Work to be completed: Below this task are records; return each one exactly and omit its images.

Records shown:
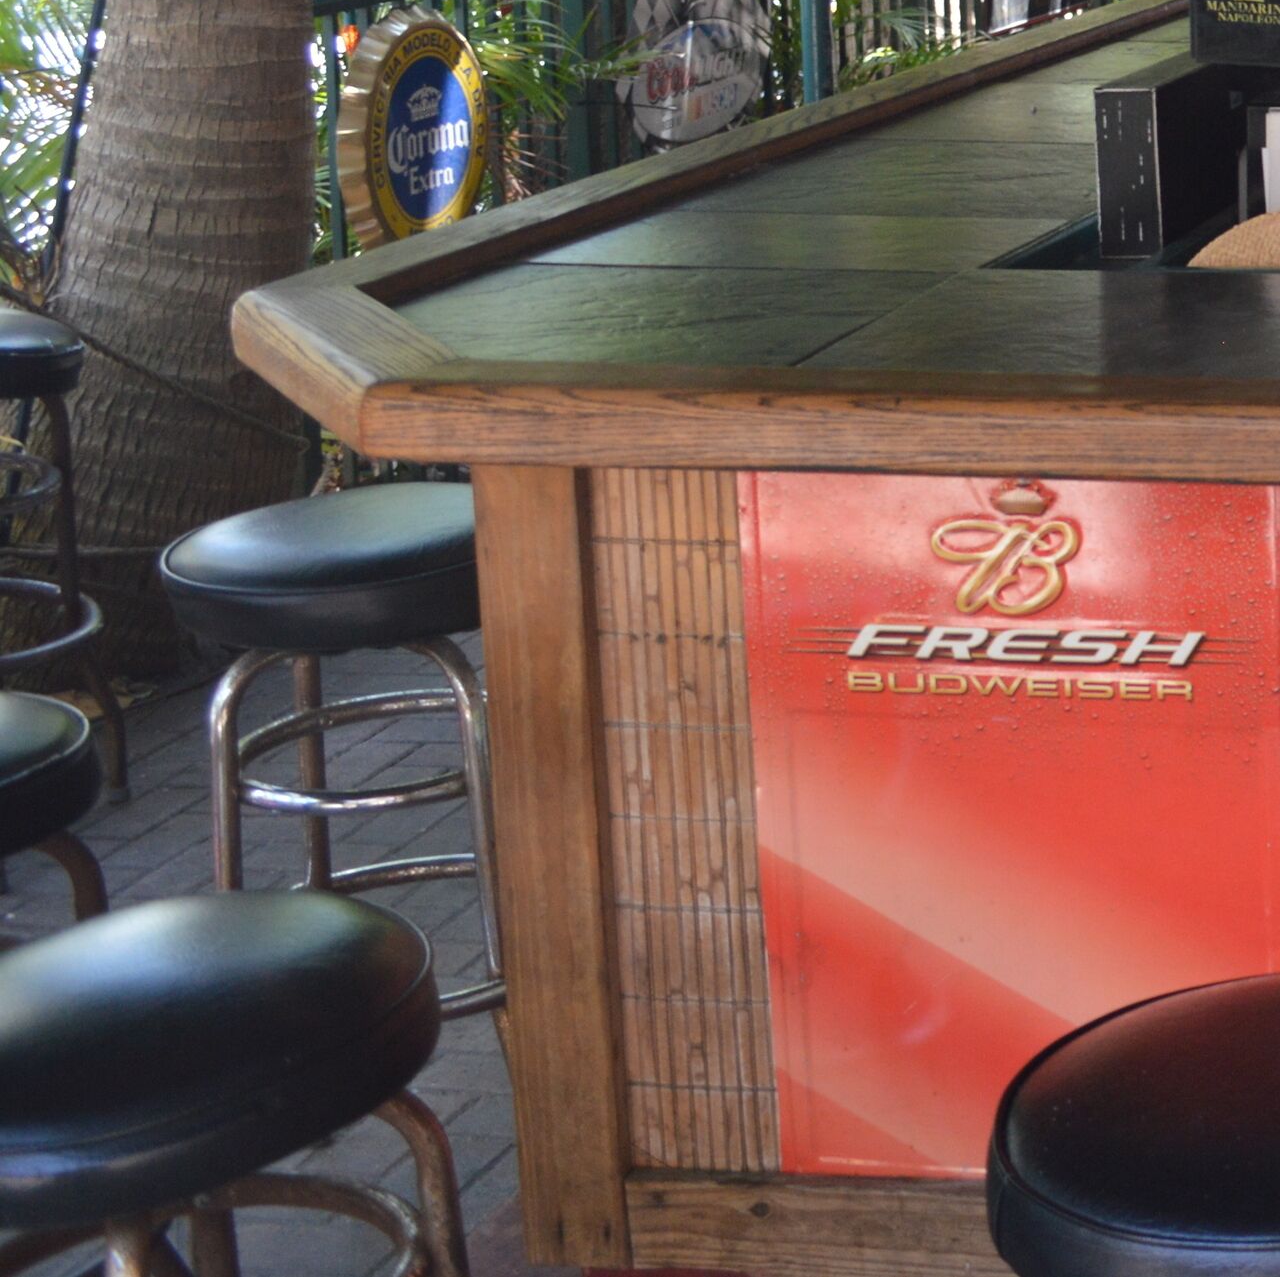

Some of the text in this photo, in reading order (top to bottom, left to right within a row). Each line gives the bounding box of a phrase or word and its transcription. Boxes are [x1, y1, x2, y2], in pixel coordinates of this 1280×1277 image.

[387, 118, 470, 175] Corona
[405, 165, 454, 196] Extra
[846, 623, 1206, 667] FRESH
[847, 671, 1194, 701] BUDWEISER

Solved exercise:
Some of the text in this photo, in reading order (top to bottom, left to right within a row). Each line gives the bounding box of a phrase or word and its transcription. Boxes are [x1, y1, x2, y2], in pixel coordinates of this 1280×1277 image.

[387, 118, 470, 175] Corona
[405, 165, 454, 196] Extra
[846, 623, 1206, 667] FRESH
[847, 671, 1194, 701] BUDWEISER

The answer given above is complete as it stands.